Directions for this task | I'd like every entry transcribed word for word, with no pictures.

Start of Records for this exercise

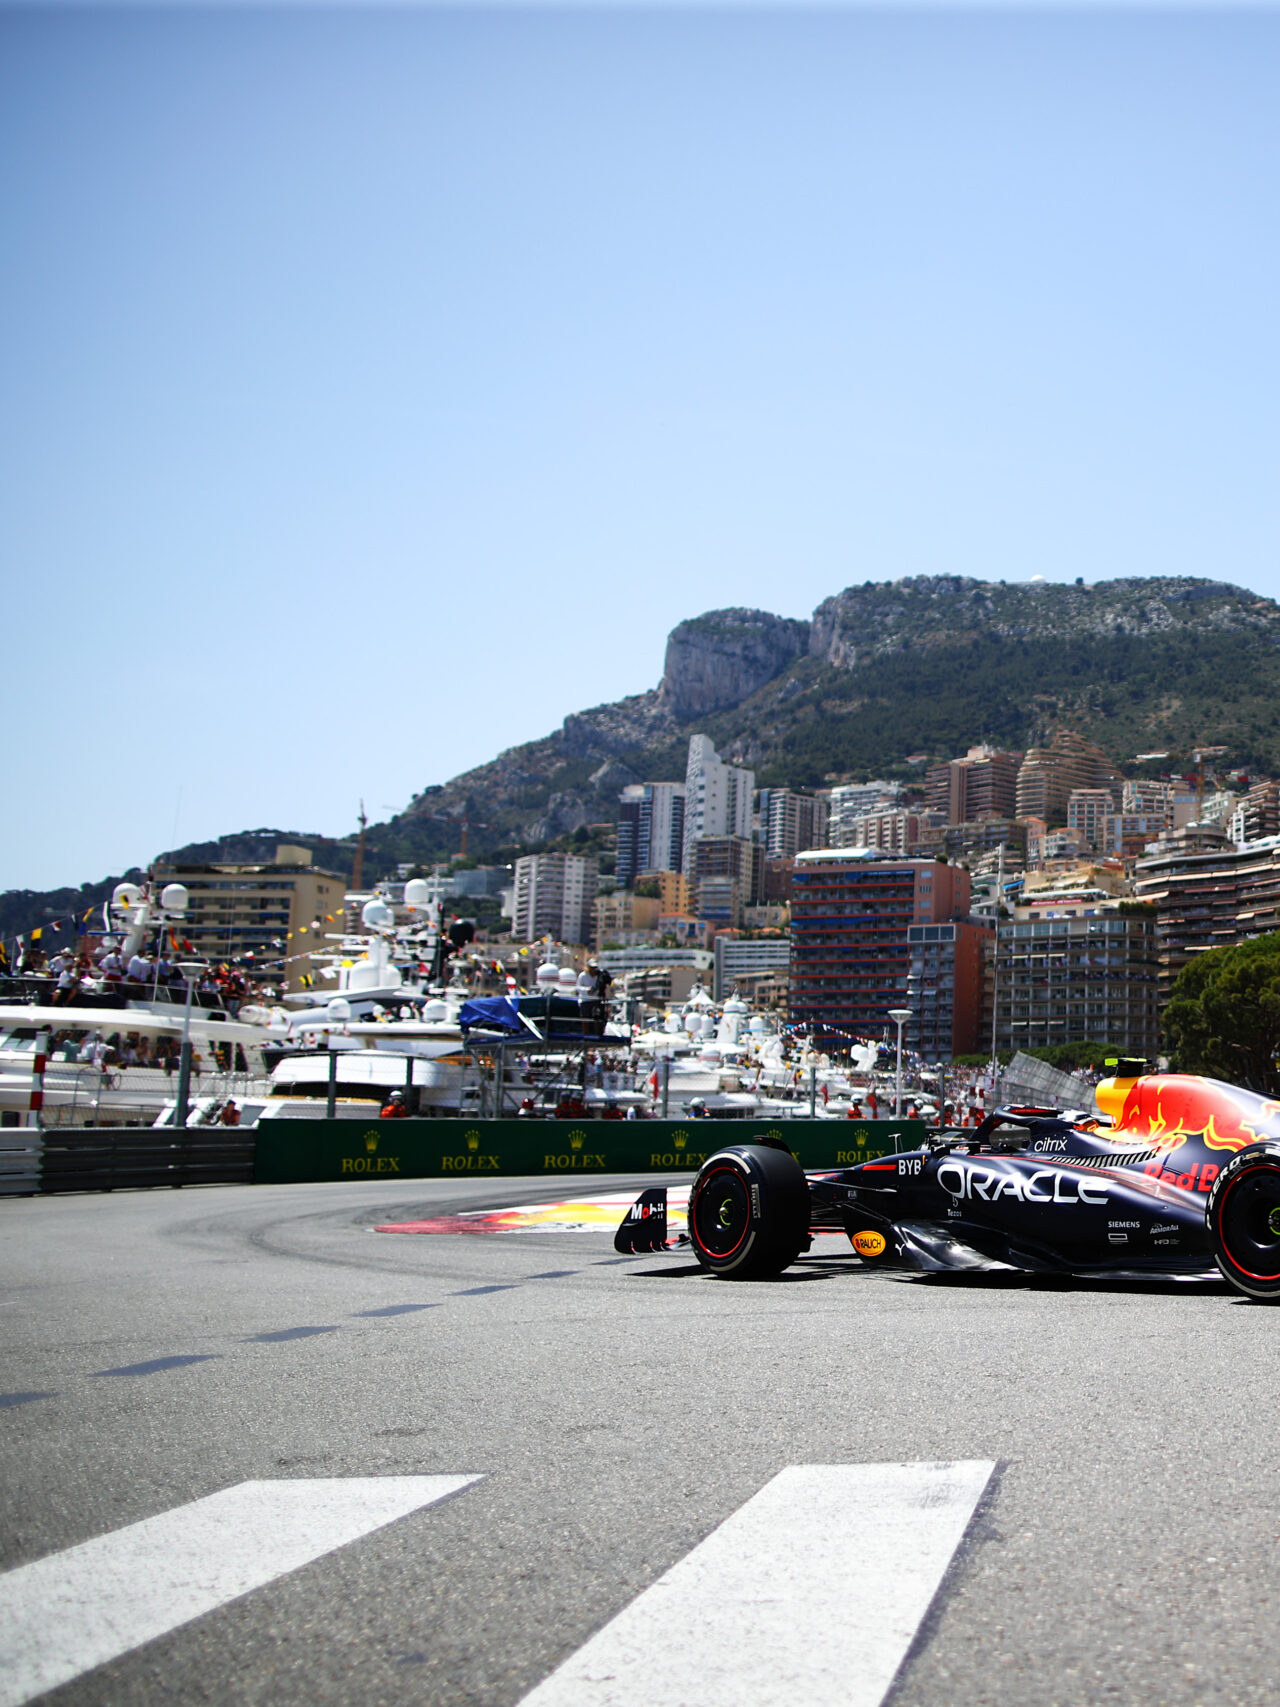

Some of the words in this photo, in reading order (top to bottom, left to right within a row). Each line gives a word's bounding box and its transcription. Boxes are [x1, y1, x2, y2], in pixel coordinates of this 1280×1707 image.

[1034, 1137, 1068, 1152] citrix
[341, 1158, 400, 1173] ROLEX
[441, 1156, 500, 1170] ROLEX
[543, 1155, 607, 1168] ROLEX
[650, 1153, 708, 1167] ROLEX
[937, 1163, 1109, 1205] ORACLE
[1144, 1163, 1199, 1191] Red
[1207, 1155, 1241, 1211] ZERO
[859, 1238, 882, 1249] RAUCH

End of Records for this exercise

Written response |
Some of the words in this photo, in reading order (top to bottom, left to right within a row). Each line gives a word's bounding box and its transcription. Boxes are [x1, y1, x2, y2], in pixel coordinates of this 1280×1707 image.

[1034, 1137, 1068, 1152] citrix
[341, 1158, 400, 1173] ROLEX
[441, 1156, 500, 1170] ROLEX
[543, 1155, 607, 1168] ROLEX
[650, 1153, 708, 1167] ROLEX
[937, 1163, 1109, 1205] ORACLE
[1144, 1163, 1199, 1191] Red
[1207, 1155, 1241, 1211] ZERO
[859, 1238, 882, 1249] RAUCH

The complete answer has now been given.